Cette phrase, qui n'attira pas sur les lèvres de la comtesse le sourire d'une sœur rusée, acheva de me prouver le ridicule de ma position. Il était impossible d'être à Clochegourde le jour, à Saint-Cyr la nuit. Arabelle avait compté sur ma délicatesse et sur la grandeur de madame de Mortsauf. Pendant cette longue journée, je sentis combien il est difficile de devenir l'ami d'une femme longtemps désirée. Cette transition, si simple quand les ans la préparent, est une maladie au jeune âge. J'avais honte, je maudissais le plaisir, j'aurais voulu que madame de Mortsauf me demandât mon sang. Je ne pouvais lui déchirer à belles dents sa rivale, elle évitait d'en parler, et médire d'Arabelle était une infamie qui m'aurait fait mépriser Henriette magnifique et noble jusque dans les derniers replis de son cœur. Après cinq ans de délicieuse intimité, nous ne savions de quoi parler; nos paroles ne répondaient point à nos pensées; nous nous cachions mutuellement de dévorantes douleurs, nous pour qui la douleur avait toujours été un fidèle truchement. Henriette affectait un air heureux et pour elle et pour moi; mais elle était triste. Quoiqu'elle se dît à tout propos ma sœur, et qu'elle fût femme, elle ne trouvait aucune idée pour entretenir la conversation, et nous demeurions la plupart du temps dans un silence contraint. Elle accrut mon supplice intérieur, en feignant de se croire la seule victime de cette lady.

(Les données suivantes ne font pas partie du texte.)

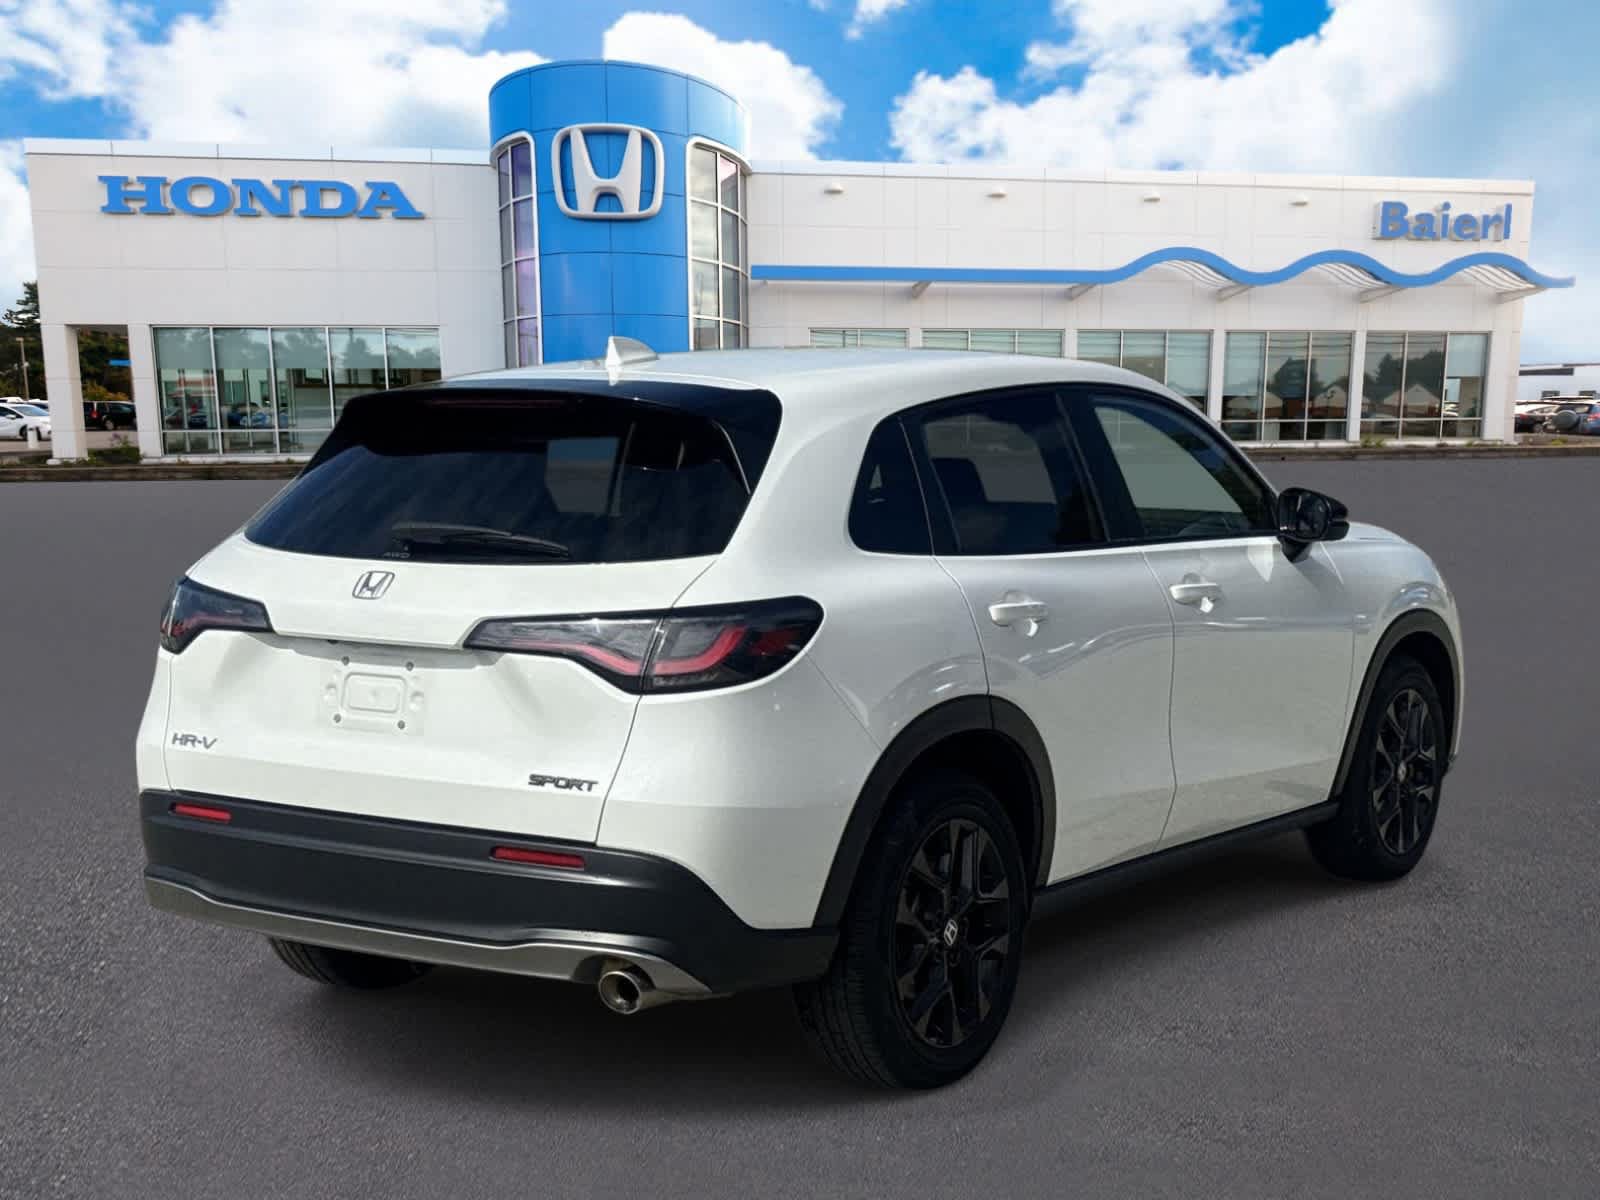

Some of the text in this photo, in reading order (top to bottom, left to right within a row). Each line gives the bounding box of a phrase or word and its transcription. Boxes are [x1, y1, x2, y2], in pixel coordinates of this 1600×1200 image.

[98, 175, 425, 219] HONDA
[1380, 200, 1513, 240] Baierl
[171, 732, 218, 750] HR-V
[528, 773, 599, 792] SPORT
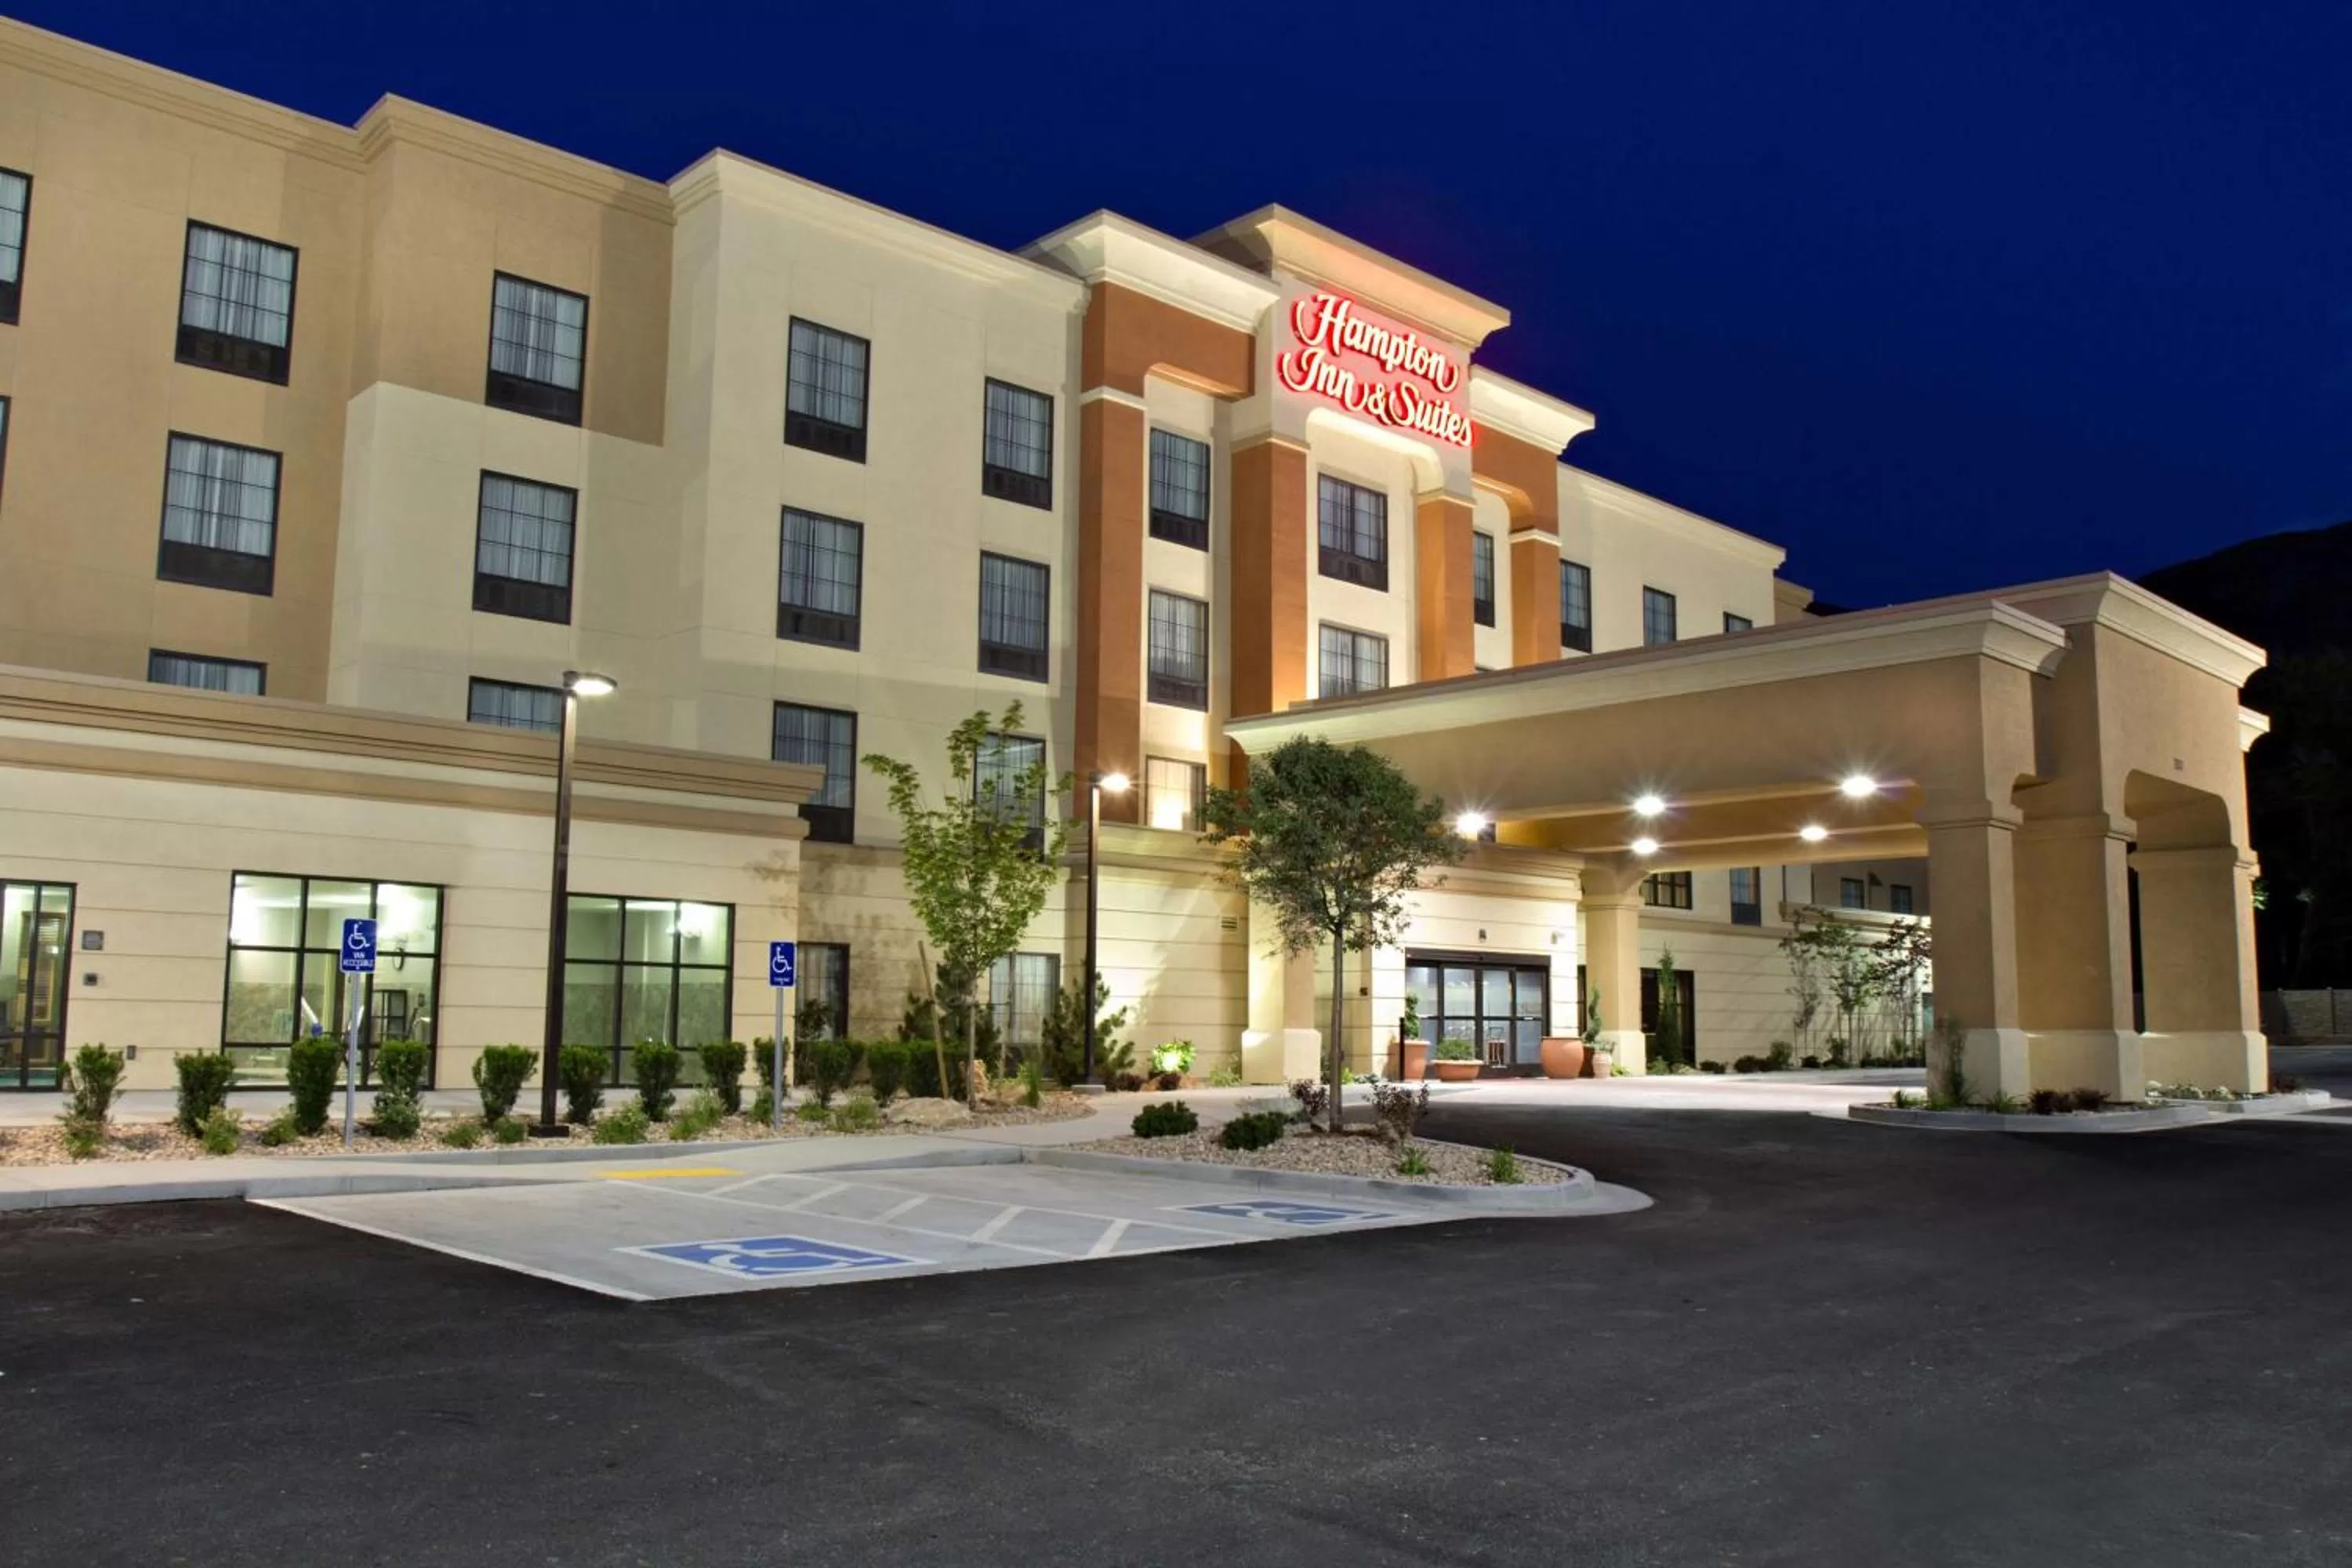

— Je souffre plus que vous, lui dis-je en un moment où la sœur laissa échapper une ironie toute féminine.

— Comment? répondit-elle avec ce ton de hauteur que prennent les femmes quand on veut primer leurs sensations.

— Mais j'ai tous les torts.

Il y eut un moment où la comtesse prit avec moi un air froid et indifférent qui me brisa; je résolus de partir. Le soir, sur la terrasse, je fis mes adieux à la famille réunie. Tous me suivirent au boulingrin où piaffait mon cheval dont ils s'écartèrent. Elle vint à moi quand j'en pris la bride.

— Allons seuls, à pied, dans l'avenue, me dit-elle.

Je lui donnai le bras, et nous sortîmes par les cours en marchant à pas lents, comme si nous savourions nos mouvements confondus; nous atteignîmes ainsi un bouquet d'arbres qui enveloppait un coin de l'enceinte extérieure.

— Adieu, mon ami, dit-elle en s'arrêtant, en jetant sa tête sur mon cœur et ses bras à mon cou. Adieu, nous ne nous verrons plus. Dieu m'a donné le triste pouvoir de regarder dans l'avenir. Ne vous rappelez-vous pas la terreur qui m'a saisie, un jour, quand vous êtes revenu si beau! si jeune! et que je vous ai vu me tournant le dos comme aujourd'hui que vous quittez Clochegourde pour aller à la Grenadière. Hé! bien, encore une fois, pendant cette nuit j'ai pu jeter un coup d'œil sur nos destinées. Mon ami, nous nous parlons en ce moment pour la dernière fois. A peine pourrai-je vous dire encore quelques mots, car ce ne sera plus moi tout entière qui vous parlerai. La mort a déjà frappé quelque chose en moi. Vous aurez alors enlevé leur mère à mes enfants, remplacez-la près d'eux! vous le pourrez! Jacques et Madeleine vous aiment comme si vous les aviez toujours fait souffrir.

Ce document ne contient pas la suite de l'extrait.